God is dead (again)
Atheism is old. It was one of the charges brought against the philosopher Socrates in ancient Athens. Atheism is the denial of the existence of God or, at least, the popular gods of one’s culture.
The denial of the existence of the God of Christianity is nothing new — Bertrand Russell’s collected essays and lectures, published as Why I am not a Christian, were written or delivered between 1927 and 1954. Earlier brash arguments against the God of the Bible were offered by Voltaire and Nietzsche.

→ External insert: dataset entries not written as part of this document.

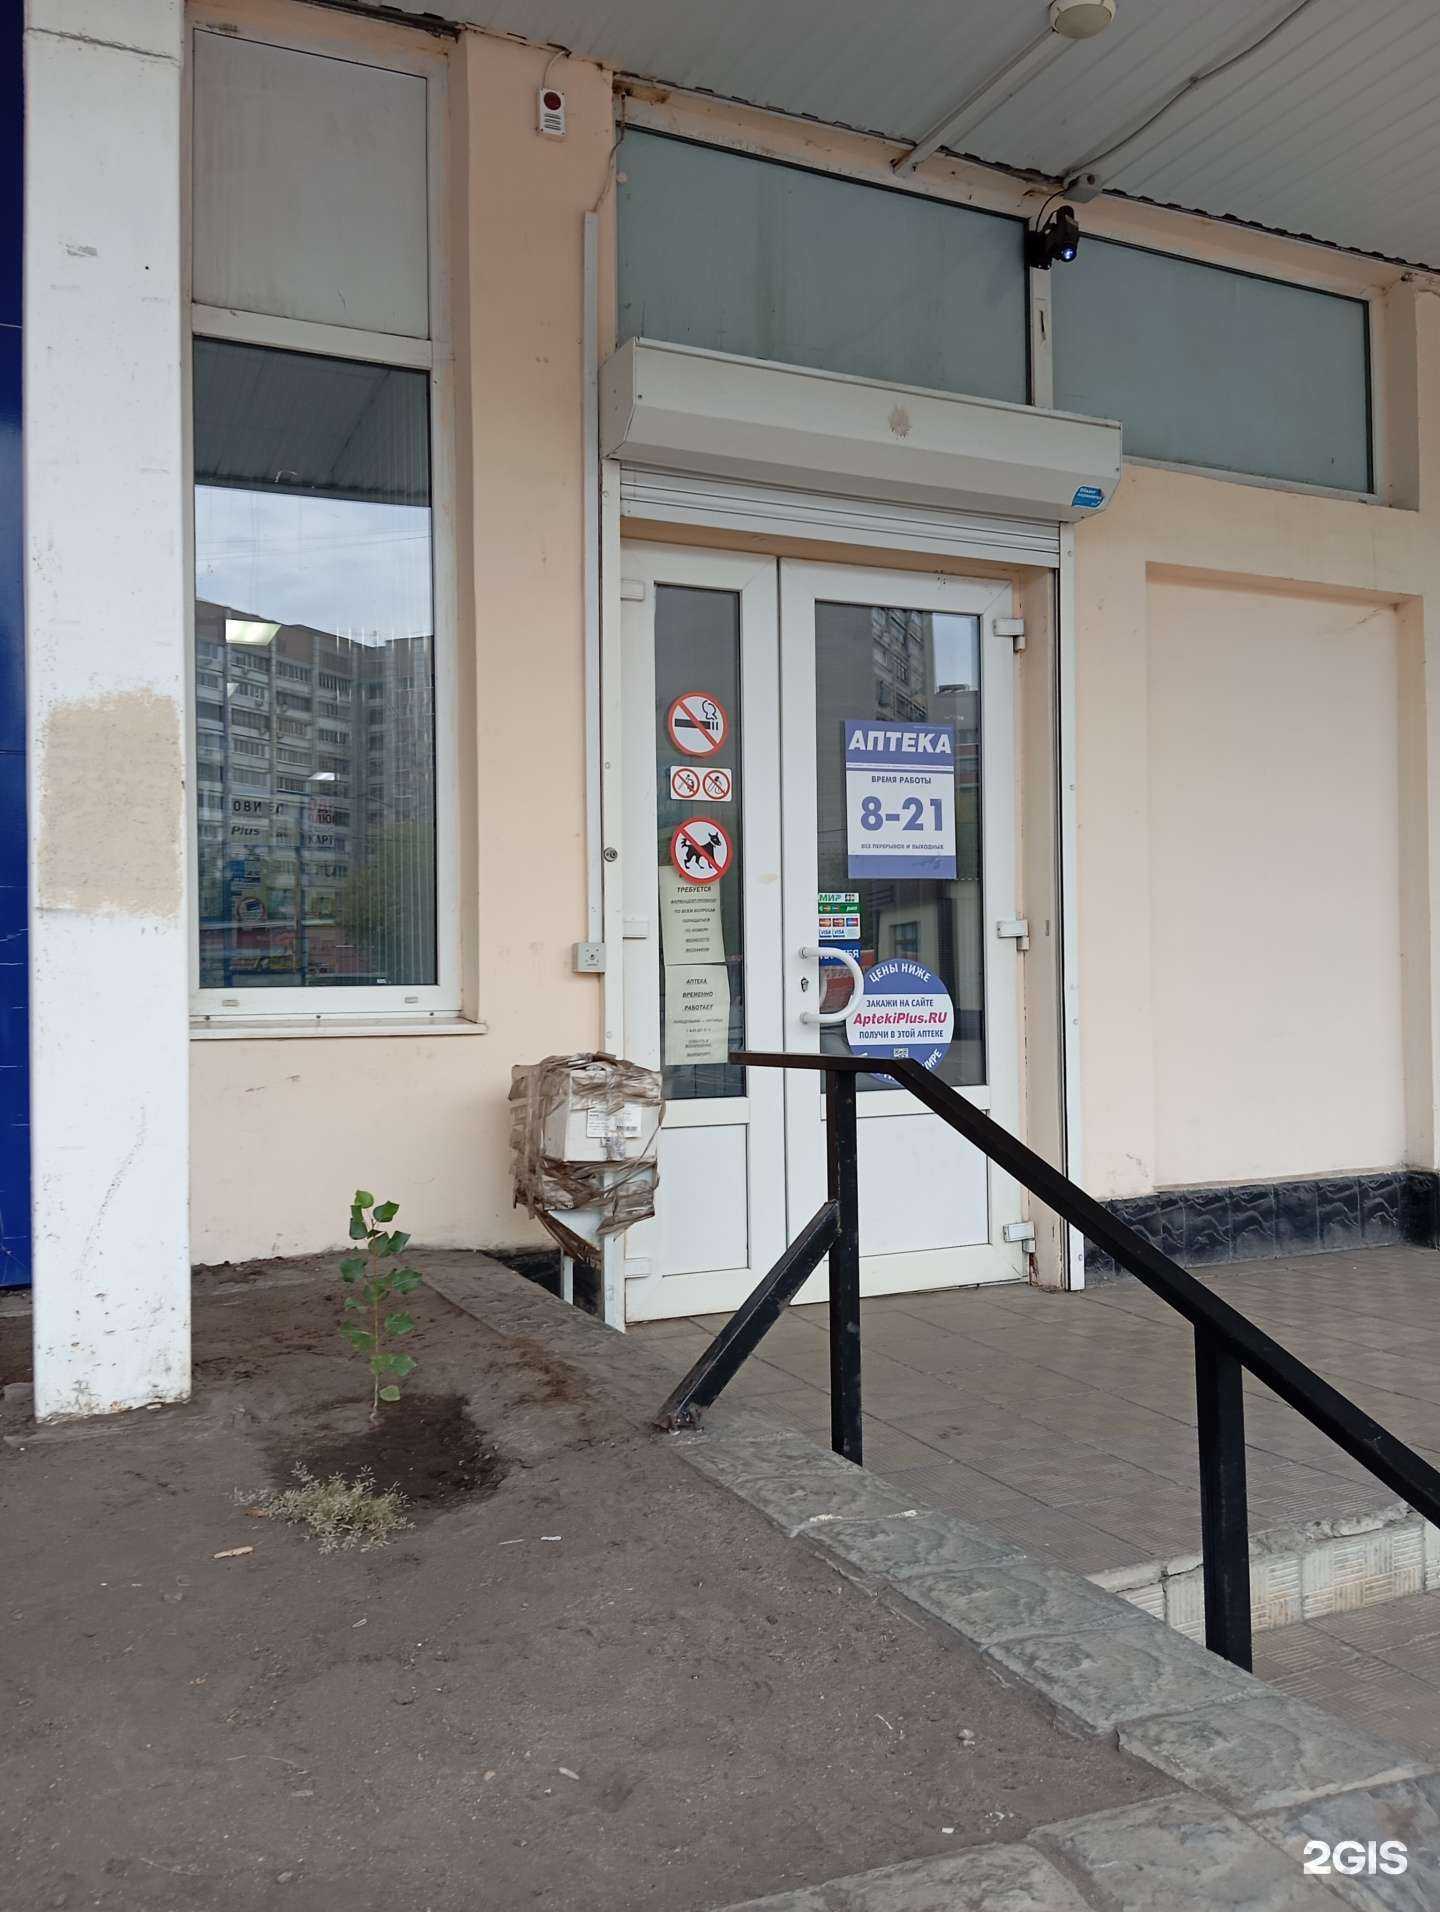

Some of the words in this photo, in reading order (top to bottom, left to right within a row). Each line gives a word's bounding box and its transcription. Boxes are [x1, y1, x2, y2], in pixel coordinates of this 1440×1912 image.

[848, 729, 952, 754] АПТЕКА
[871, 775, 897, 784] ВРЕМЯ
[899, 776, 932, 785] РАБОТЫ
[860, 795, 943, 832] 8-21
[869, 963, 899, 983] ЦЕНЫ
[901, 963, 932, 983] НИЖЕ
[866, 999, 898, 1008] ЗАКАЖИ
[899, 999, 910, 1007] НА
[911, 996, 935, 1007] САЙТЕ
[853, 1012, 948, 1027] AptekiPlus.RU
[858, 1030, 889, 1040] ПОЛУЧИ
[890, 1030, 896, 1039] В
[897, 1027, 916, 1039] ЭТОЙ
[917, 1029, 945, 1038] АПТЕКЕ

So what is new about contemporary atheism? The term ‘New Atheism’ was coined by Wired magazine in 2006 as a way of identifying a new, militant, popular brand of atheism. Groups like the National Secular Society seem tired and old-fashioned. So, like Labour in the 1990s, atheism has had a rebranding since the turn of the millennium: New Atheism holds to the traditional atheist family values, but the packaging is much fresher, youthful and vibrant. There is no new content being offered. What is new about this atheism is its popular, aggressive militancy. After the atheist poster bus campaign can we now look forward to a new atheist version of the Alpha course?

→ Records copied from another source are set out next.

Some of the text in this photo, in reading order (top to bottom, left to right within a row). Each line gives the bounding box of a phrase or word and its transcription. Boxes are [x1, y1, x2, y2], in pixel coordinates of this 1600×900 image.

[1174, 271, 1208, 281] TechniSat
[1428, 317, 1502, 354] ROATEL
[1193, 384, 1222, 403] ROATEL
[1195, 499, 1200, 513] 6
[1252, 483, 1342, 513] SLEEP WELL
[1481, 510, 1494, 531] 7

The watershed moment is almost certainly September 11 2001. The terrorist attacks on the World Trade Centres, with their appalling consequences, were inspired by religion. Therefore, it is felt that religious belief that must be attacked and condemned. Previous generations had their polite forms of atheism that simply wanted to keep religion at a distance. The new atheism is militant in its desire to attack, critique and ridicule religious belief in any form.
Those described as new atheists include popular writers Richard Dawkins, Philip Pullman, Sam Harris and Christopher Hitchens. The comedians Ricky Gervais, Bill Maher and Eddy Izzard also share the platform. The diversity of these characters ensures that the arguments against the existence of God find many channels, including sober TV documentaries, best-selling children’s fiction and light-hearted comedies. These atheists are often crude and delight in what a previous generation called blasphemy. They are aware of the power of film, humour and literature to make a point and win hearts and minds.

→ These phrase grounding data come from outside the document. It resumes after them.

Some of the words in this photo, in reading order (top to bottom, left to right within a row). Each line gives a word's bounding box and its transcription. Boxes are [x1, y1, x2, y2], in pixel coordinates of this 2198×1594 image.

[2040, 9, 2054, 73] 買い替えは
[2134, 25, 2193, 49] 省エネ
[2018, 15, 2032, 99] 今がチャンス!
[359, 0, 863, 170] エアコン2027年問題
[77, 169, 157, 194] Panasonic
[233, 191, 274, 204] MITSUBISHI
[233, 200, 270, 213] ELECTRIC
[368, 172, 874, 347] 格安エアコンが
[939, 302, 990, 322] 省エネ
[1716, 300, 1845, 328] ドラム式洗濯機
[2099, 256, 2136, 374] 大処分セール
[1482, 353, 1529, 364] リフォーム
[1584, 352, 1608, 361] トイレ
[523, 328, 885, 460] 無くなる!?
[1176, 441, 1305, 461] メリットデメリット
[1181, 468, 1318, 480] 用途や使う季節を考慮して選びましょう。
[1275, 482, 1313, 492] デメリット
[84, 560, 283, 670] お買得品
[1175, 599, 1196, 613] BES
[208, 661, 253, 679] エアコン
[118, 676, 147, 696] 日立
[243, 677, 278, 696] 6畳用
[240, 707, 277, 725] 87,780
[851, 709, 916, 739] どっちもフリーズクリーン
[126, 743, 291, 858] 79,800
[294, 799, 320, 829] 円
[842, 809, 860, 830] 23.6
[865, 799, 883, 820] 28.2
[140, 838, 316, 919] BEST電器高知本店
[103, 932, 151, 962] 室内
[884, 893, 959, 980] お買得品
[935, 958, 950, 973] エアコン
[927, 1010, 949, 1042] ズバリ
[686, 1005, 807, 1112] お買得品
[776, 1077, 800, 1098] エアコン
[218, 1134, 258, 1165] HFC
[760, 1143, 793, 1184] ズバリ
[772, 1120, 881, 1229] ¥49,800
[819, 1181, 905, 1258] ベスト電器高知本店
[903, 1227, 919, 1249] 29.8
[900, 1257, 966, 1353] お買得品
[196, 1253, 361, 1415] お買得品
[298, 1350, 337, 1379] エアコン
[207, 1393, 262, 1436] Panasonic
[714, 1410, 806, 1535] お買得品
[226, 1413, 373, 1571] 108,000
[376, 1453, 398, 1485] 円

Bill Maher, a popular American broadcaster, produced the comedy documentary Religulous in 2008 (see review on EN website, May 2009) as an attempt to spoof, mock and undermine religious faith. Christianity is the main target, though Islam, Judaism and fringe religions also get a lashing. The film is slick and engaging, apparently presenting well-researched facts that count against religious faith.
One claim is that the story about Jesus is simply one example among many of the dying-rising redeemer god of the ancient world. The god takes many forms — Horus, Mithra, Dionysius — but the story follows a common form. At one point the film reels off a long list of claims about the Egyptian sky god Horus that parallel the life of Jesus. In on-screen text the film declares that Horus was born of a virgin, baptised by a man later beheaded, worked miracles, walked on water, raised a man called Lazarus from the dead, had 12 disciples, got crucified and after three days rose again from the dead. It all seems rather unsettling and gives the impression that the Gospel accounts are made up stories reflecting a myth in common currency across the ancient near east.
But what are the facts? Not a single claim made about Horus in the movie was ever made in the ancient world. It is pure fiction. No one ever claimed Horus was born of a virgin, had 12 disciples or got crucified. Even more significantly there is no resurrection account of Horus. Bill Maher’s claim that these facts are found in the 3,000-year-old Egyptian Book of the Dead is entirely fictitious. Yet these bogus claims are promoted by a lavishly made film and witty script. If they are not true, then where did they come from? What seems to be the source are books written by a Victorian poet, Gerald Massey (1828-1907), called Natural Genesis and Ancient Egypt, the Light of the World. The works have no scholarly weight and are the product of a great imagination. But in popular thought they have been continually recycled, most recently by Tom Harpur in The Pagan Christ and the internet documentary Zeitgeist.
Make the lie big
Adolf Hitler purportedly advised his propagandists with these words: ‘Make the lie big, make it simple, keep saying it, and eventually they will believe it’. Religulous boldly repeats simple claims that are manifestly untrue. Said enough times people will think: ‘I know that’s true … I heard it somewhere…’ For Christian apologetics, New Atheism does not require a New Argument because it brings nothing new to the table. What it does demand is that Christians patiently continue to teach the rock solid credentials for the biblical text and the gospel account of Jesus. It may not appear quite as glitzy or shocking as a Hollywood movie, but it will have the advantage of being true.